Johannes Fisslinger makes a device touted to read human energy fields, and new age therapists and some retailers are buying it

German-born and -bred Johannes Fisslinger knew that if he wanted to start his own unconventional "lifestyle" business in the world of New Age and alternative therapies, he would have to move to Los Angeles.

"To me, things are created in Los Angeles and then they go all over the world," said Fisslinger, 36, a former banker in Munich.

Today, Fisslinger runs what people from the East Coast might think of as a typical small business in La La Land: He makes machines for mall kiosks that read human auras.

Far out? Sure. But also lucrative. From $200,000 in sales in 1997, Fisslinger's Marina del Rey-based Aura Shop generated $1 million in sales last year, and is projecting $1.5 million this year.

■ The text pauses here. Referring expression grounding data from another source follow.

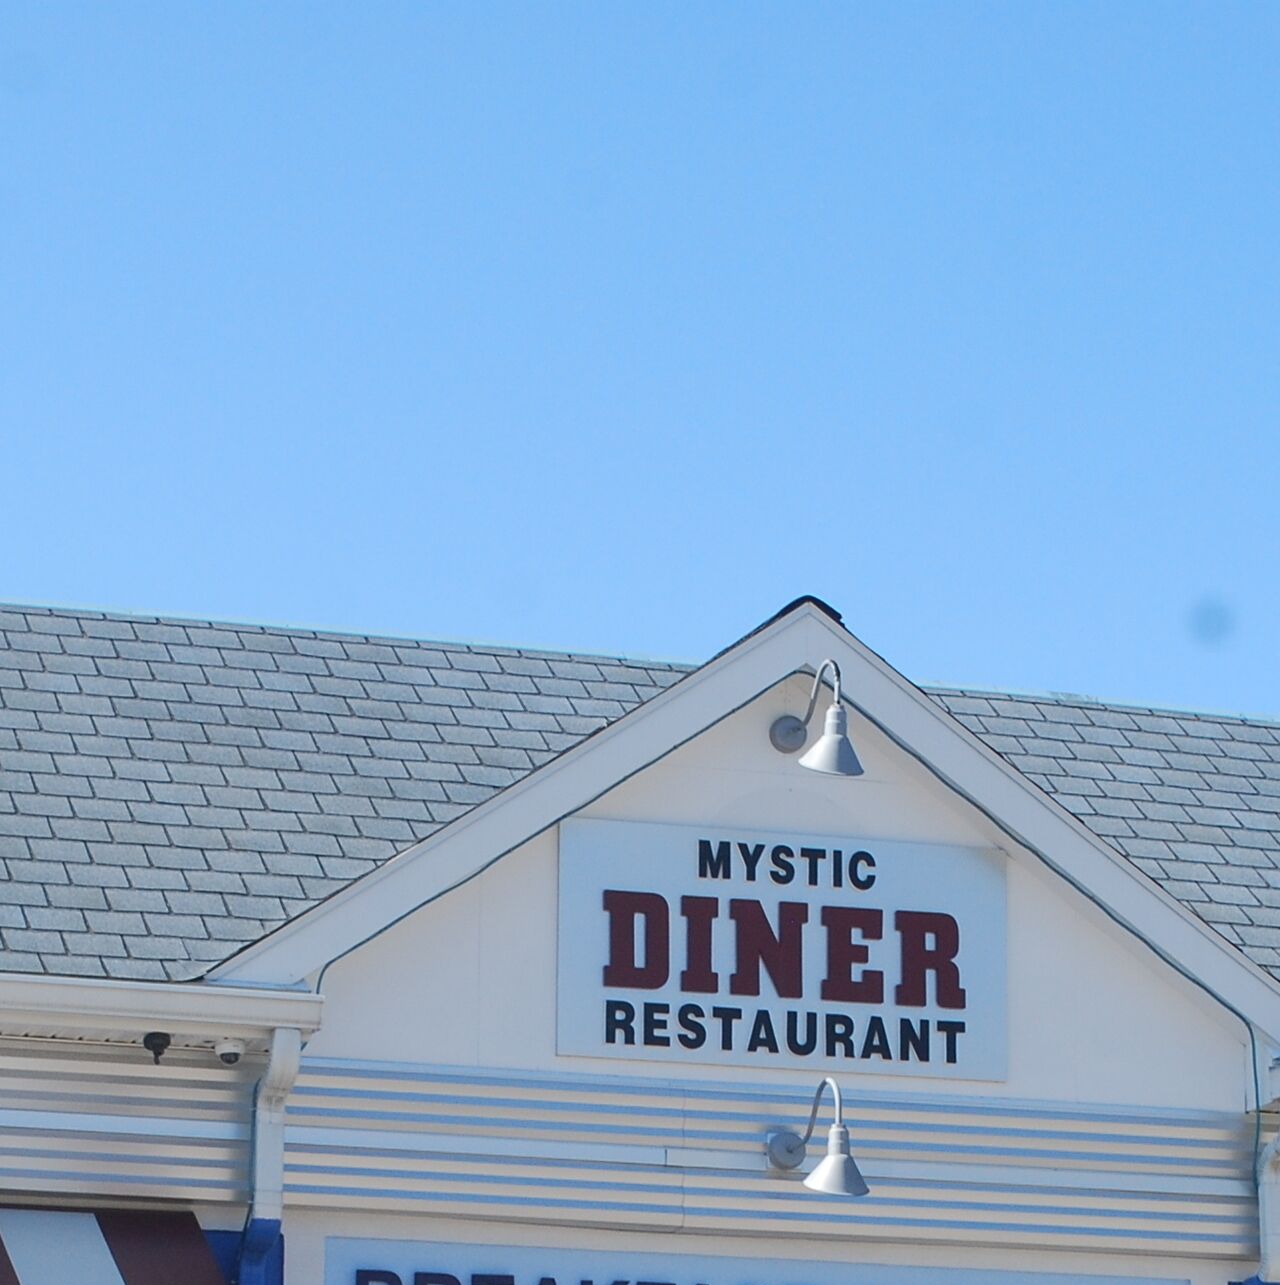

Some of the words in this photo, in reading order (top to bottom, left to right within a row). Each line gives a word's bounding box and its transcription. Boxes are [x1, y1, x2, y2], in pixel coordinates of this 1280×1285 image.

[698, 839, 876, 890] MYSTIC
[603, 889, 966, 1009] DINER
[604, 1000, 966, 1064] RESTAURANT
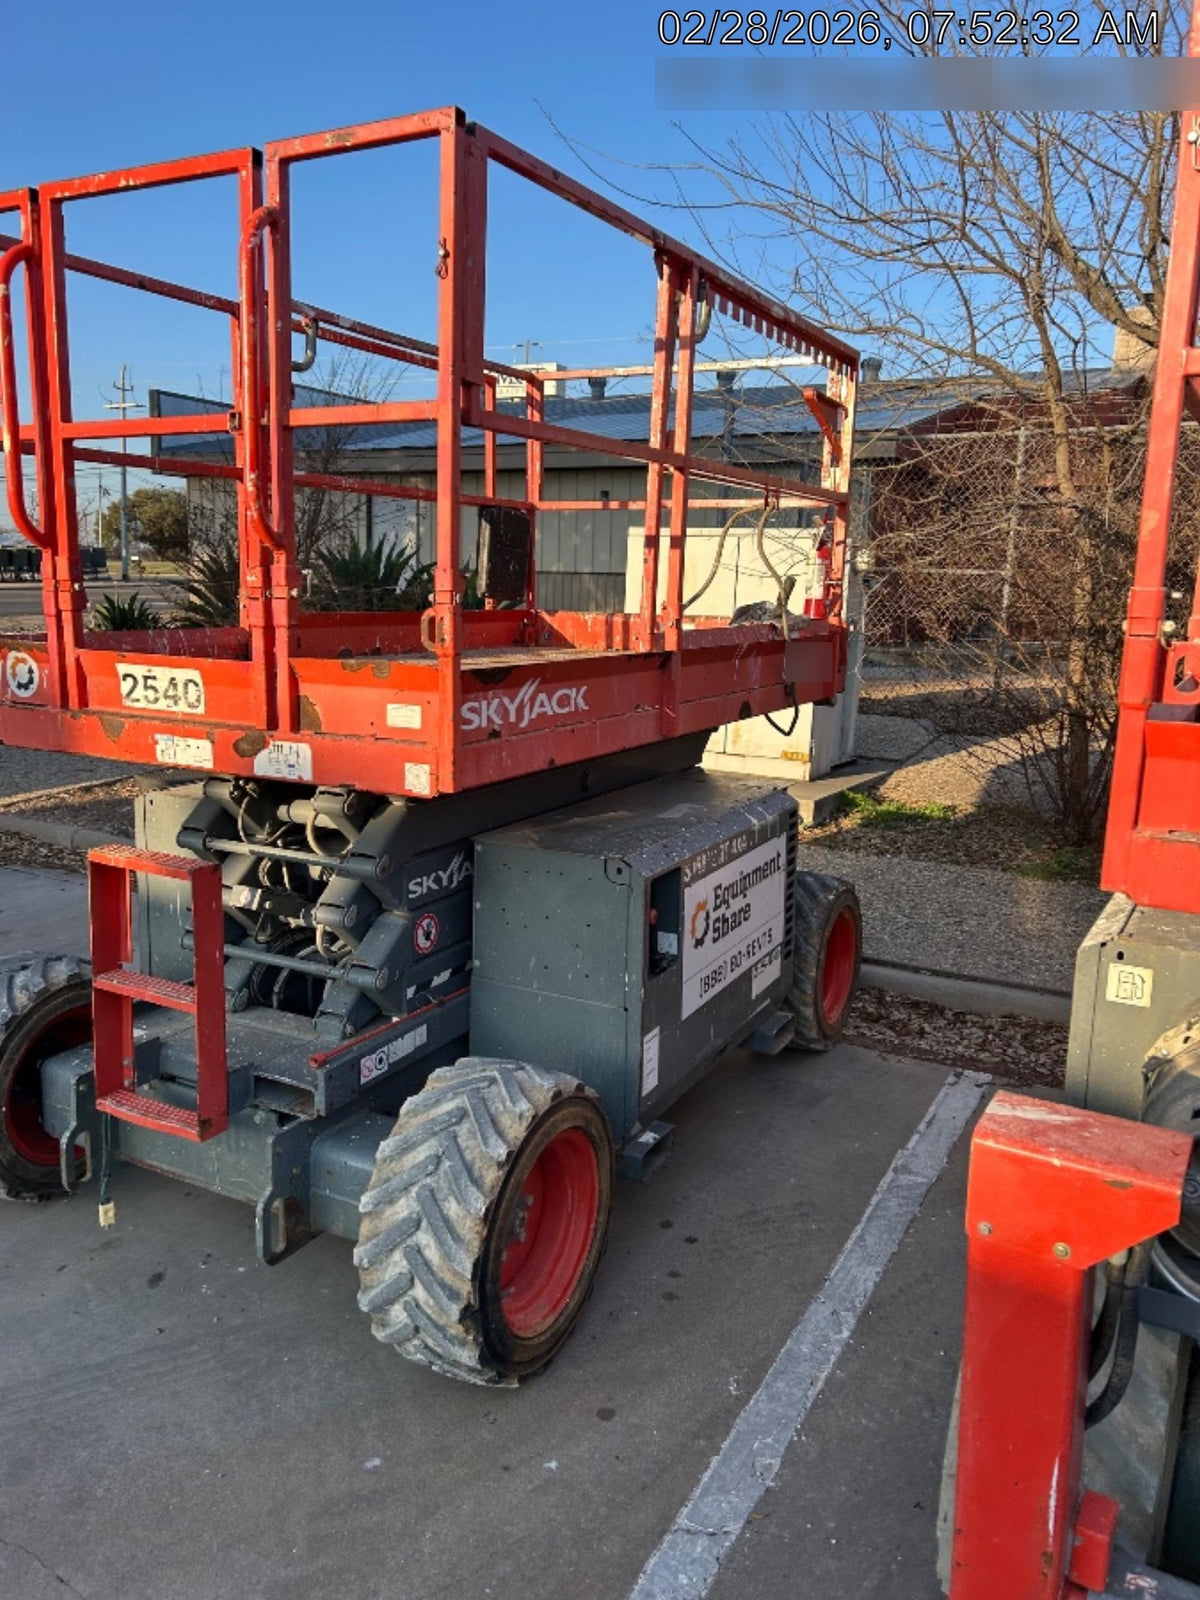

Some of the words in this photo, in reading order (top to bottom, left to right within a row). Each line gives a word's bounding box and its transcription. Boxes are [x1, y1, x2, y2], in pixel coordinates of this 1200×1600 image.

[122, 673, 201, 709] 2540
[460, 677, 589, 730] SKYJACK
[712, 850, 781, 912] Equipment
[712, 902, 751, 944] Share

Even Fisslinger admits his so-called "Aura Video Stations" would never fly in Europe, but says they're perfect for cities like Los Angeles and San Francisco. "This convergence of technology and healing is so L.A.," Fisslinger says.

Bored with his conservative job, Fisslinger took a trip to Los Angeles for a vacation and decided to move here 13 years ago to study alternative therapies. He wrote several "New Age-type" books and started giving lectures.

In 1997, he invested $5,000 into the creation of his aura-reading machine, hiring a computer expert to develop the software and sensory box that, coupled with a computer system, became the Aura Video Station.

Biofeedback device

The system consists of a biofeedback glove attached to a computer that Fisslinger says translates electrical energy from a person's hand into on-screen colors. These colors change with a person's mood or thoughts, sort of an ultra-high-tech mood ring.

The concept might raise a few eyebrows among medical technicians, but it's popular among New Age therapists, paranormal researchers, chiropractors and other alternative therapy enthusiasts, who are willing to plunk down the $7,500 to $12,000 cost of the system. Sales to these therapists currently make up the bulk of Aura Shop's revenues, though Fisslinger has recently started selling aura-reading franchises to mall operators and store owners.

Sheila Moore, a hypno-therapist in San Diego, says the machine "has really taken over my practice. I have many people who come for aura interpretation."

The machines are also catching on among retailers and even major manufacturers.

DKNY's eyewear brand Marchon displayed Aura Shop machines at three of its fall fashion shows. The idea was for guests to match the colors of their auras to the colors of their sunglasses.